En África las bocas están secas y aquí orinamos manantiales, sin embargo ambos somos igual de miserables.

En Japón la gente se suicida por falta de oportunidades, tan distinto a Siria, en  donde ruegan por vivir en medio de  cadáveres.

Descubrimos culturas, continentes y universos, aunque  ante la adversidad, aun no podemos hacer funcionar los sesos. Caminamos paso a paso para asegurar primero, pero cuando llega el momento, resulta que tenemos miedo.

Cuidado con guardar las ideas por falta de confianza, pues como la cenicienta, después de las doce son pura calabaza.

Al amor le ponemos fecha de caducidad, pues pensamos que todo tiene un fin, sin embargo a la envidia, la servimos con refill.

El sol sigue saliendo con sutileza en las mañanas, pero dejamos de verlo, por estrés y migrañas. Hemos destruido lo poquito que quedaba, ahora nos resta ser felices con la nada, tomando bocanadas de aire puro, para poder calmar el ayuno.

Lo que necesitamos son palmaditas en la espalda, en lugar de salir a construir bardas.

Pongámosle clorofila a nuestros sueños, hasta quedar del color de los tallos, porque lo que es verde siempre es fuerte, porque nació solo, incluso contra corriente. Pasto frio en lugar de concreto, paz y fe en tiempos violentos.

Vámonos trotando, acelerando  en las pendientes, aunque nos llenemos de tierra los dientes. Cuando amas a alguien no existen fronteras, incluso aunque odies sus caderas.

No importa si somos cristianos, musulmanes o paganos, aquí no hay mexicanos ni americanos, pongámonos descalzos y vámonos dando  cuenta, que hay cinco  dedos al final de cada pierna, porque así son todos los humanos.

Un abrazo pa la tristeza y una mirada tierna, son nuestra principal arma, se llama grandeza.

En Rusia se mueren porque hay frio en la calle, en Etiopia porque las entrañas tienen hambre, todo es entendible cuando no hay nada en la panza, menos cuando caes por ego y exceso de ignorancia.

Aquí solo peleamos cuando está de moda, pero en los madrazos fuertes  volvemos a dibujar con crayola.

Con voluntad y poco a poco es como se logran cosas, así se hizo Don Quijote y así se plantan rosas, y así poco a poco es como crecen las olas.

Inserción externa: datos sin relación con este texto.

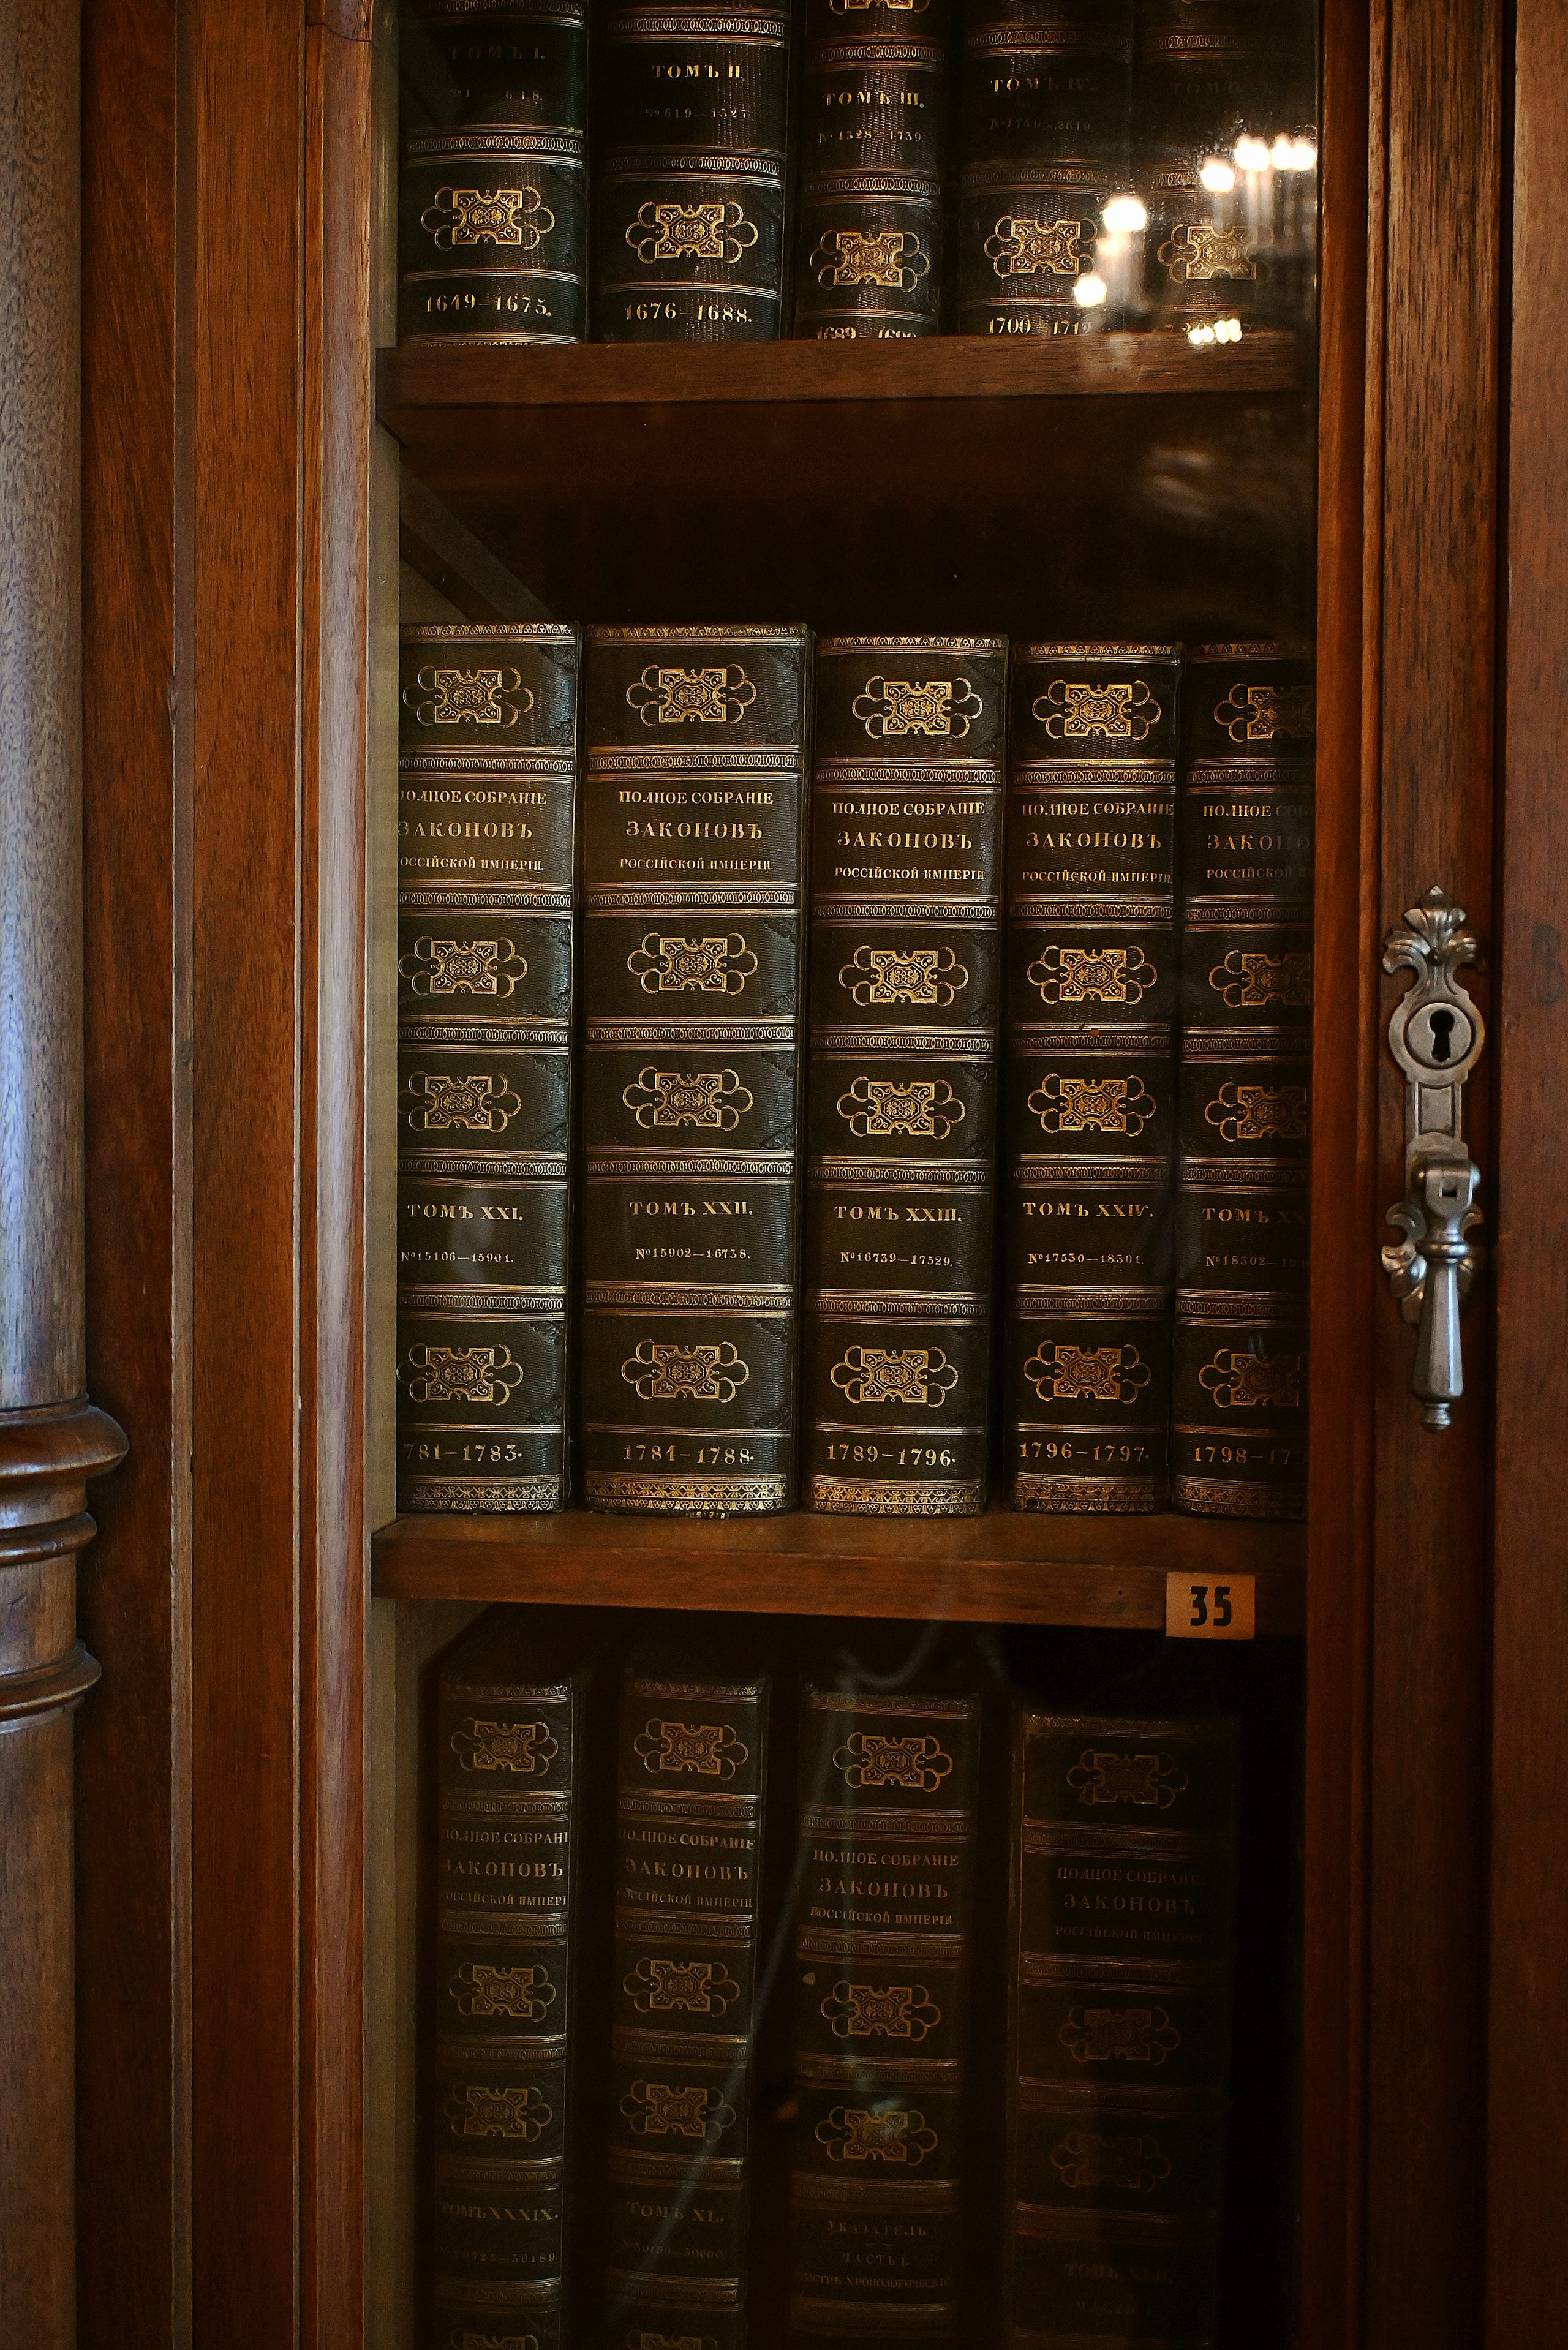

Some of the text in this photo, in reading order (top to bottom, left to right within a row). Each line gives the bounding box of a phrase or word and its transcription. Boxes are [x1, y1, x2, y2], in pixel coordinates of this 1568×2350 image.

[449, 45, 524, 60] ТОМЪ
[652, 64, 720, 78] ТОМЪ
[823, 92, 925, 108] ТОМЪ III.
[464, 790, 547, 805] СОБРАНІЕ
[619, 791, 773, 805] ПОЛНОЕ СОБРАНІЕ
[832, 802, 985, 815] ПОЛНОЕ СОБРАНІЕ
[1022, 802, 1174, 816] ПОЛНОЕ СОБРАНІЕ
[1203, 805, 1272, 817] ПОЛНОЕ
[398, 821, 532, 838] ЗАКОНОВЪ
[626, 821, 763, 840] ЗАКОНОВЪ
[837, 830, 972, 849] ЗАКОНОВЪ
[1026, 832, 1161, 849] ЗАКОНОВЪ
[620, 857, 704, 870] РОССІЙСКОЙ
[834, 866, 919, 879] РОССІЙСКОЙ
[1022, 870, 1106, 883] РОССІЙСКОЙ
[407, 1204, 524, 1221] ТОМЪ XXI.
[629, 1201, 753, 1215] ТОМЪ XXII.
[834, 1205, 962, 1222] ТОМЪ XXIII.
[1023, 1202, 1153, 1218] ТОМЪ XXIV.
[1202, 1208, 1270, 1224] ТОМЪ
[827, 1444, 956, 1467] 1789–1796.
[1020, 1442, 1150, 1463] 1796–1797.
[1190, 1586, 1231, 1626] 35
[617, 1828, 756, 1850] ПОЛНОЕ СОБРАНІЕ
[813, 1849, 960, 1866] ПОЛНОЕ СОБРАНІЕ
[625, 1857, 748, 1880] ЗАКОНОВЪ
[1057, 1867, 1123, 1881] ПОЛНОЕ
[820, 1878, 948, 1899] ЗАКОНОВЪ
[1064, 1893, 1194, 1914] ЗАКОНОВЪ
[627, 2201, 684, 2220] ТОМЪ
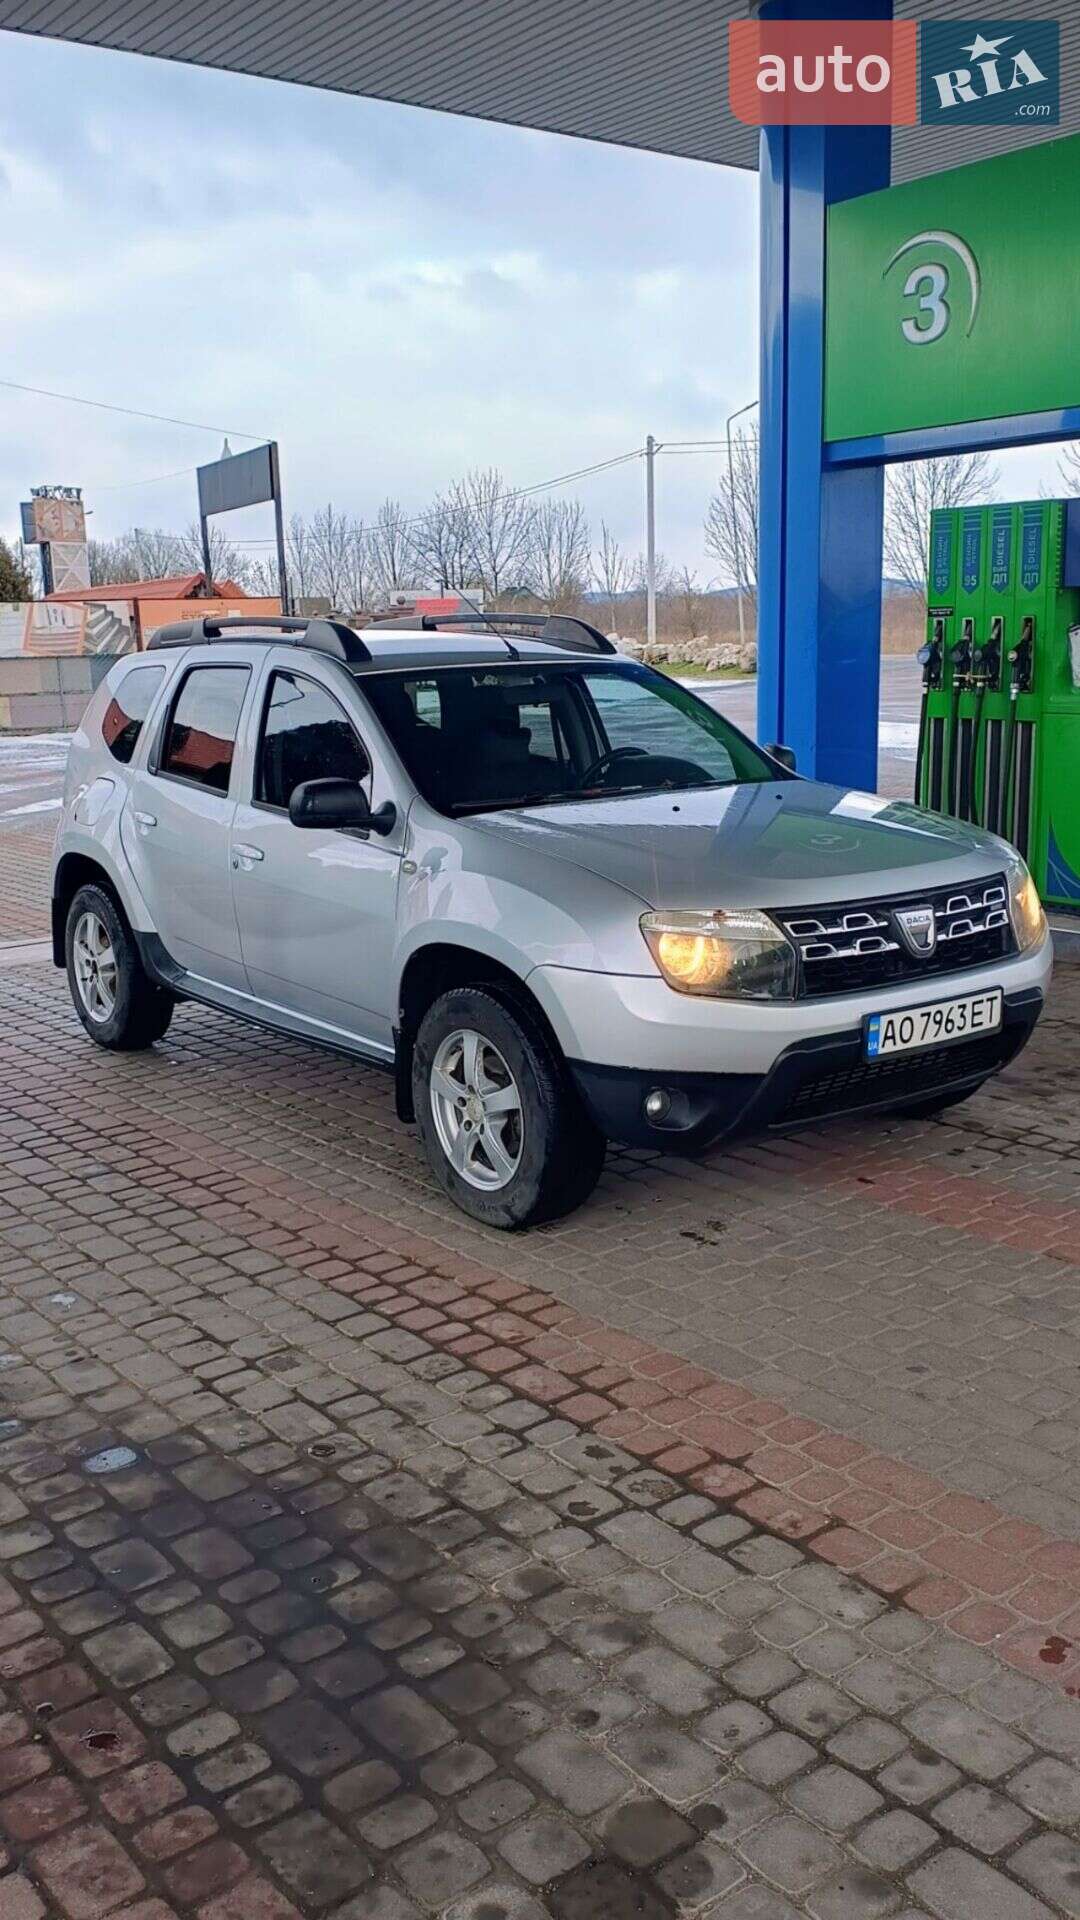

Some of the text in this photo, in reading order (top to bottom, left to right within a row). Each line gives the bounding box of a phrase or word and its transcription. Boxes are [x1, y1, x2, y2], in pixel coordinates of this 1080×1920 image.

[901, 262, 950, 345] 3
[997, 530, 1005, 565] DIESEL
[1028, 527, 1037, 564] DIESEL
[935, 576, 948, 588] 95
[963, 575, 977, 587] 95
[991, 573, 1007, 585] ДП
[1023, 572, 1039, 585] ДП
[906, 915, 931, 925] DACIA
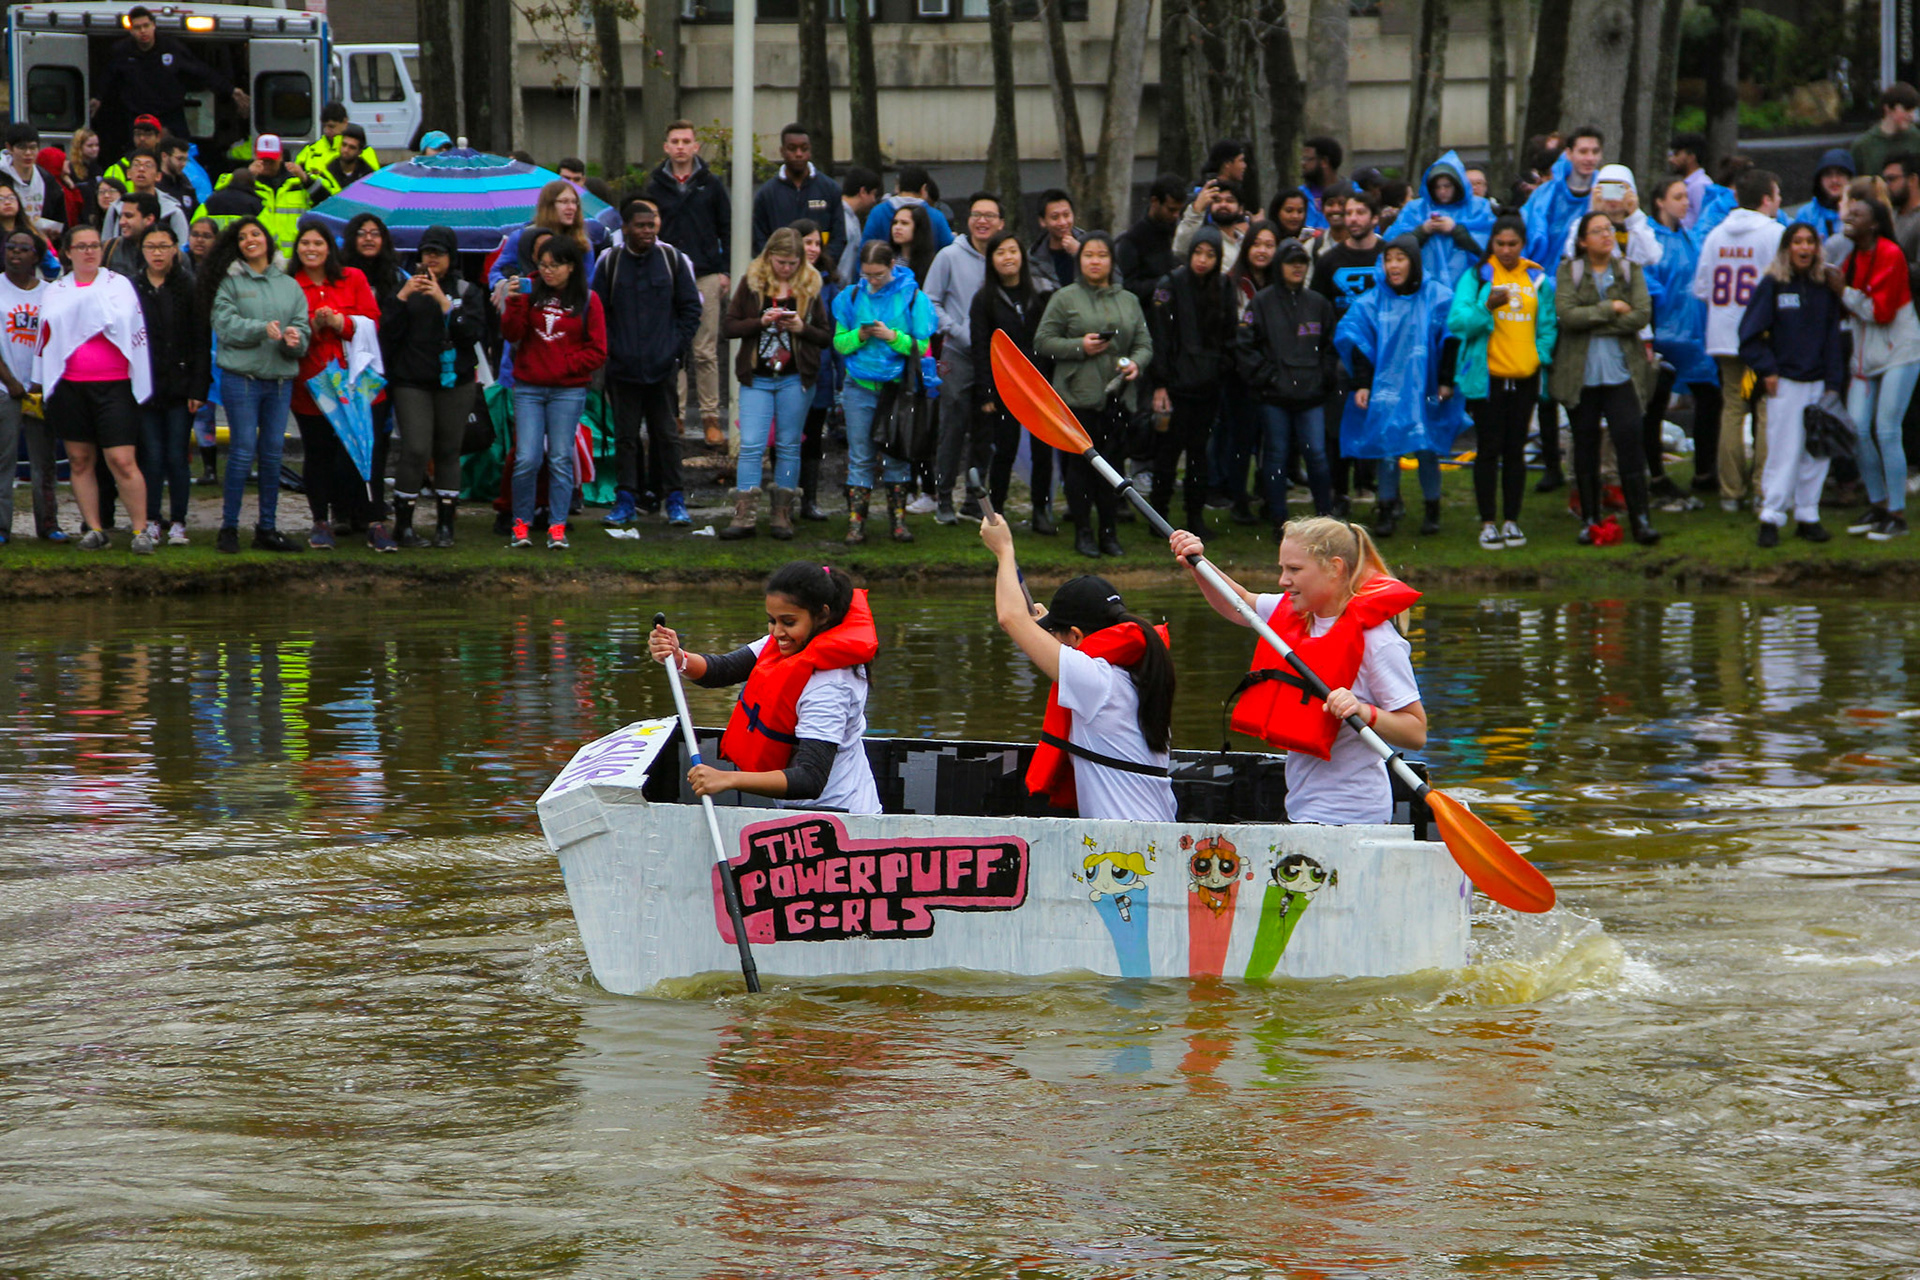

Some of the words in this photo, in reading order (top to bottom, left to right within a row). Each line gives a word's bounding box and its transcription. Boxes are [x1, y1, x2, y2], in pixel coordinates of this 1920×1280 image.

La esperanza es lo último que muere, predigan los muertos mientras la hierba les crece.

Así que hoy métete a tu alcoba, jala un espejo y párate de frente,

 ¿Qué ves?

¿Un pendejo?

Sí, eso es ¡¡¡, un pendejo , pero  dispuesto a dejar de ser pendejo ;

Con los huevos puestos, sí, pero puestos en el cerebro, donde funcionan, donde se organizan y hacen moverse a las neuronas.

Un pendejo que esta harto de ser pendejo, pero no por eso va a actuar como un pendejo más grande, como los que tiran bala y se parten la madre, ¡no!

Este pendejo, es sabio; abre los brazos y los usa para abrazar, alza las manos con pancartas y allá o aquí grita afuera de casas blancas, hey, pero este pendejo, también sabe dialogar y hablar con voz baja.

Si, ese  pendejo ahora está listo, es momento de que salga, como el cometa Halley, cada setenta años, sí,  pero logrando cambios reales y  con esa  luz, que da calma.